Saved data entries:
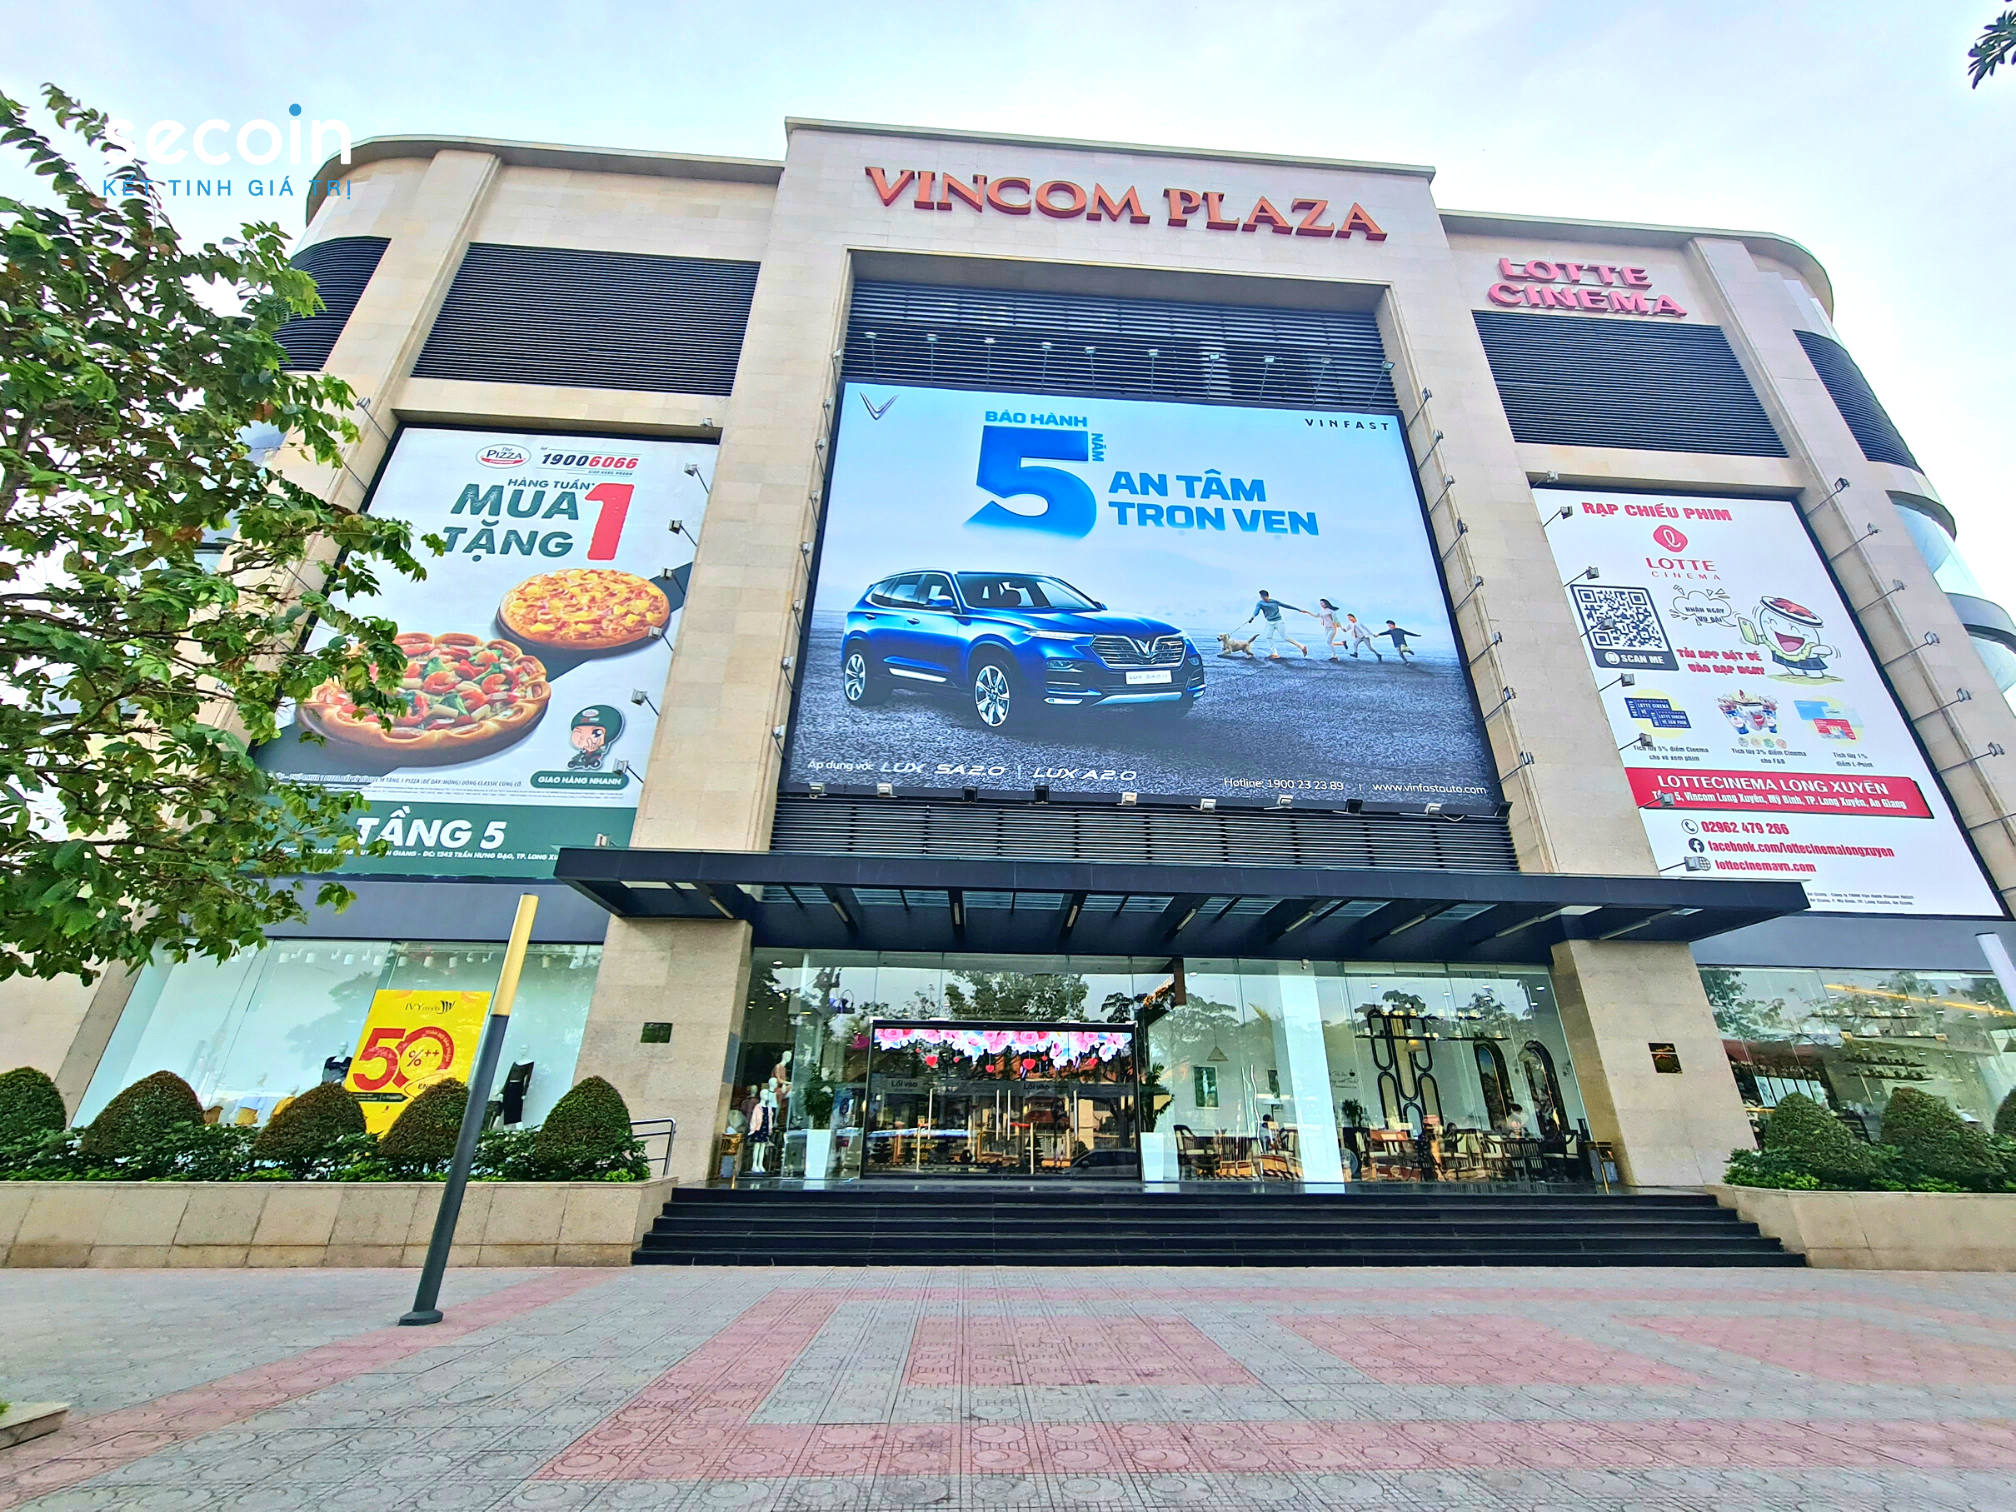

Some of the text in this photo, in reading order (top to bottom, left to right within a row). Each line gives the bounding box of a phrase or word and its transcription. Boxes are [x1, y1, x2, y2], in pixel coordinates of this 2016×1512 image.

[865, 166, 1388, 241] VINCOM PLAZA
[1499, 258, 1653, 290] LOTTE
[1488, 283, 1687, 319] CINEMA
[1030, 411, 1088, 427] HÀNH
[1304, 418, 1389, 431] VINFAST
[486, 450, 522, 460] PIZZA
[541, 453, 639, 469] 19006066
[508, 477, 548, 488] HÀNG
[962, 425, 1097, 541] 5
[1108, 468, 1266, 502] AN TÂM
[1581, 502, 1733, 521] RẠP CHIẾU PHIM
[450, 483, 635, 561] MUA 1
[443, 519, 574, 562] TẶNG
[1646, 557, 1717, 573] LOTTE
[1651, 571, 1721, 581] CINEMA
[1620, 654, 1664, 664] SCAN ME
[1698, 650, 1719, 659] APP
[538, 775, 622, 785] GIAO HÀNG NHANH
[880, 762, 924, 773] LUX
[934, 764, 1005, 776] SA2.0
[1033, 767, 1078, 778] LUX
[1082, 769, 1137, 781] A2.0
[1224, 778, 1487, 795] Hotline: 1900 23 23 89 www.vinfastauto.com
[1657, 775, 1890, 795] LOTTECINEMA LONG XUYÊN
[1684, 792, 1715, 801] Vincom
[1716, 793, 1738, 803] Long
[1804, 796, 1818, 805] TP.
[1819, 797, 1840, 807] Long
[1870, 798, 1881, 808] An
[1883, 799, 1907, 809] Giang
[356, 805, 507, 850] TẦNG 5
[1701, 821, 1790, 836] 02962 479 266
[1715, 859, 1817, 873] lottecinemavn.com
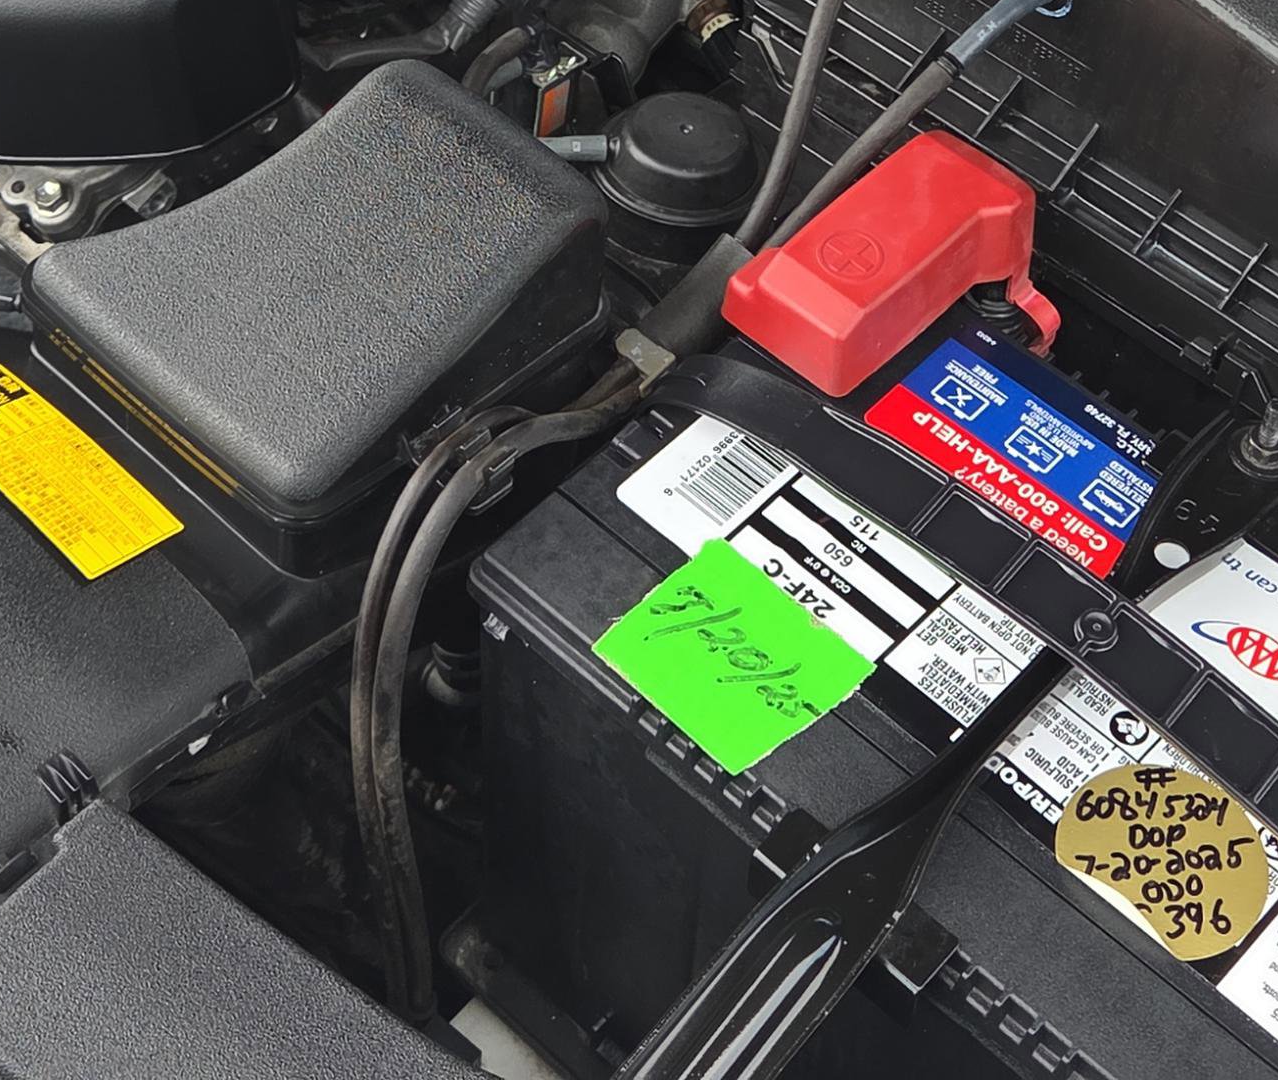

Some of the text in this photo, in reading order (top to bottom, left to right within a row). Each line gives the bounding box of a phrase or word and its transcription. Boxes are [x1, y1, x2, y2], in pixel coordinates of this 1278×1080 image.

[943, 360, 1006, 406] MAINTENANCE
[971, 363, 999, 385] FREE
[1019, 412, 1078, 457] MADE IN USA
[1113, 423, 1131, 438] FL
[1128, 433, 1153, 455] ARY,
[1113, 435, 1140, 458] LLC.
[679, 454, 712, 482] 02171
[909, 406, 1110, 551] Call: 800-AAA-HELP
[1108, 459, 1154, 494] NSTALLED
[662, 487, 673, 496] 6
[952, 463, 1030, 521] battery?
[848, 513, 882, 542] 115
[1027, 514, 1045, 530] a
[822, 540, 855, 568] 650
[849, 538, 867, 553] RC
[759, 555, 835, 620] 24F-C
[828, 573, 852, 594] CCA
[1240, 564, 1278, 596] can
[951, 592, 990, 625] BATTERY.
[915, 626, 938, 646] GET
[924, 617, 969, 655] MEDICAL
[933, 611, 986, 655] HELP FAST.
[987, 620, 1012, 641] OPEN
[998, 614, 1018, 632] TIP.
[1014, 627, 1037, 647] NOT
[1008, 636, 1030, 655] NOT
[918, 659, 984, 714] IMMEDIATELY
[929, 652, 992, 704] WITH WATER.
[1077, 675, 1116, 708] INSTRUC
[917, 675, 974, 723] FLUSH EYES
[1083, 694, 1108, 715] READ
[1050, 724, 1079, 750] CAUSE
[1057, 714, 1092, 744] SEVERE
[1075, 744, 1096, 763] CAN
[1089, 739, 1105, 755] OR
[1023, 746, 1074, 789] SULFURIC
[1055, 754, 1083, 779] ACID
[1133, 767, 1177, 791] #
[1128, 824, 1186, 849] DOP
[1074, 837, 1254, 880] 7-20-2025
[1141, 874, 1203, 902] ODO

**EXERCISE AIM:** Once you reach the line that holds "this 1278×1080 image.", print it and every line after it through the end of the records, word for word.

**FINAL ANSWER:**
Some of the text in this photo, in reading order (top to bottom, left to right within a row). Each line gives the bounding box of a phrase or word and its transcription. Boxes are [x1, y1, x2, y2], in pixel coordinates of this 1278×1080 image.

[943, 360, 1006, 406] MAINTENANCE
[971, 363, 999, 385] FREE
[1019, 412, 1078, 457] MADE IN USA
[1113, 423, 1131, 438] FL
[1128, 433, 1153, 455] ARY,
[1113, 435, 1140, 458] LLC.
[679, 454, 712, 482] 02171
[909, 406, 1110, 551] Call: 800-AAA-HELP
[1108, 459, 1154, 494] NSTALLED
[662, 487, 673, 496] 6
[952, 463, 1030, 521] battery?
[848, 513, 882, 542] 115
[1027, 514, 1045, 530] a
[822, 540, 855, 568] 650
[849, 538, 867, 553] RC
[759, 555, 835, 620] 24F-C
[828, 573, 852, 594] CCA
[1240, 564, 1278, 596] can
[951, 592, 990, 625] BATTERY.
[915, 626, 938, 646] GET
[924, 617, 969, 655] MEDICAL
[933, 611, 986, 655] HELP FAST.
[987, 620, 1012, 641] OPEN
[998, 614, 1018, 632] TIP.
[1014, 627, 1037, 647] NOT
[1008, 636, 1030, 655] NOT
[918, 659, 984, 714] IMMEDIATELY
[929, 652, 992, 704] WITH WATER.
[1077, 675, 1116, 708] INSTRUC
[917, 675, 974, 723] FLUSH EYES
[1083, 694, 1108, 715] READ
[1050, 724, 1079, 750] CAUSE
[1057, 714, 1092, 744] SEVERE
[1075, 744, 1096, 763] CAN
[1089, 739, 1105, 755] OR
[1023, 746, 1074, 789] SULFURIC
[1055, 754, 1083, 779] ACID
[1133, 767, 1177, 791] #
[1128, 824, 1186, 849] DOP
[1074, 837, 1254, 880] 7-20-2025
[1141, 874, 1203, 902] ODO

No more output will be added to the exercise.